Recently I finished a position substitute teaching for a woman on maternity leave. For six weeks I taught seventh and eighth grade math. The students were great, the faculty friendly and helpful, but as an English major, teaching Algebra 1 proved challenging.

I would study the night before, ask my husband for help (he taught Algebra 1 at a different school), and still we would come up against problems in class we couldn’t solve. It was a very humbling experience.

One night I opened the teacher’s manual to study the next lesson for Algebra 1 and had to laugh. “I can’t believe this!” I told my husband. “Now I am to teach a lesson on problems that have no solution!” I had a hard enough time teaching the ones with solutions! “Who thinks up problems with no solution?” I wondered.

Yet isn’t that what happens in real life? Doesn’t it seem at times that our problems have no solution? A marriage headed for divorce, a job loss, school problems, a misbehaving child, an infant who doesn’t sleep through the night, a diagnosis of fast-growing cancer, financial problems—any of these problems and others can seem to have no solution when they hit us. There are times we want to write “No solution” in the answer key of life.

Talk about a problem with no solution! Our very first problem started with Adam and Eve’s disobedience in the Garden of Eden. Sin entered the world, separating us from our perfect God, and messing up our perfect world. Yet in love, before we even knew the problem, God had the solution. Just one solution. Not many solutions. Our Savior Jesus is the one and only solution to our problem of sin.

Some people will tell you there is no problem. They refuse to see their sin. So they see no need for a Savior. Other people will tell you there are many possible solutions. Do good, be a good person, and God, or the gods, will look kindly on you. But our answers to this problem are marked incorrect. God provided the one and only solution to our problem of sin. “God made him who had no sin to be sin for us, so that in him we might become the righteousness of God.” (2 Corinthians 5:21)

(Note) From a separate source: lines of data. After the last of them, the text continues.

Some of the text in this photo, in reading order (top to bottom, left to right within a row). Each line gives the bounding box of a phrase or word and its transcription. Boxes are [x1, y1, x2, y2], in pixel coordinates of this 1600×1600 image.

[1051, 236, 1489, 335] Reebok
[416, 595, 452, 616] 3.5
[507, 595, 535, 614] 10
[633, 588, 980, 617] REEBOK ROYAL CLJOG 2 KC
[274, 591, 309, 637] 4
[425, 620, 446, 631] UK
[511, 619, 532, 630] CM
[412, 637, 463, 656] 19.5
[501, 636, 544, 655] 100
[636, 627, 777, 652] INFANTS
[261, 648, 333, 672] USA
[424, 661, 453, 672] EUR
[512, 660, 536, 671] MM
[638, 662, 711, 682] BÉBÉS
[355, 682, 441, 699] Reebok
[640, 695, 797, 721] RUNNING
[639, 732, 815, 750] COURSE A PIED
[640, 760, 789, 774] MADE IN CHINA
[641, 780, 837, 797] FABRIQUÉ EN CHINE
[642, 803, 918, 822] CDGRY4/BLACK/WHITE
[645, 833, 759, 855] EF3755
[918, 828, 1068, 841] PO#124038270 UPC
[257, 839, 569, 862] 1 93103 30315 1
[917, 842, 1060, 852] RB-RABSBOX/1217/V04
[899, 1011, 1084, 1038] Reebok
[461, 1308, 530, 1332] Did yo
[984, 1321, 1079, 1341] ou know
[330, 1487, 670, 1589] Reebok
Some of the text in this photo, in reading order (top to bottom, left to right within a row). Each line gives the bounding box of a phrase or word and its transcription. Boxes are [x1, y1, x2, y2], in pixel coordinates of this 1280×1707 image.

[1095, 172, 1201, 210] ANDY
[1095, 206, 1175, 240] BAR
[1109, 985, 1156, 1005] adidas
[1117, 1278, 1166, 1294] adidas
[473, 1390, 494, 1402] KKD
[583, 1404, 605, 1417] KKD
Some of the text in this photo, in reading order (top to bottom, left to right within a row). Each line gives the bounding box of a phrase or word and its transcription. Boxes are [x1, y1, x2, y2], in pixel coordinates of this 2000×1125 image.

We receive a passing grade—more than that, an A+—thanks to Jesus taking our place, living a perfect life and taking the punishment for our sins with his death on the cross. “For God so loved the world that he gave his one and only Son, that whoever believes in him shall not perish but have eternal life. For God did not send his Son into the world to condemn the world, but to save the world through him.” (John 3:16,17)

When substitute teaching I had a teacher’s manual called “Worked Out Solutions,” which supplied the step-by-step solutions to nearly all of the problems in the textbook (but not for the handout worksheets!). In the Bible, God has given us the “worked out solutions” to many of the problems in our lives. Sometimes we don’t see an answer to our problems in this life. Yet the Apostle Paul tells us in Romans 8:32: “He who did not spare his own Son, but gave him up for us all—how will he not also, along with him, graciously give us all things?” We can be confident that the God who provided the perfect solution for the problem of sin will also provide solutions for all the lesser problems of our lives. Trust that God, our Master Teacher, does have the answers—all the answers—and that he cares for you!

Prayer: Dear God, I have many problems in my life that I don’t know the answer to, but I trust that you do. Please guide me in the way that is best and give me wisdom and strength. May your will be done! Amen.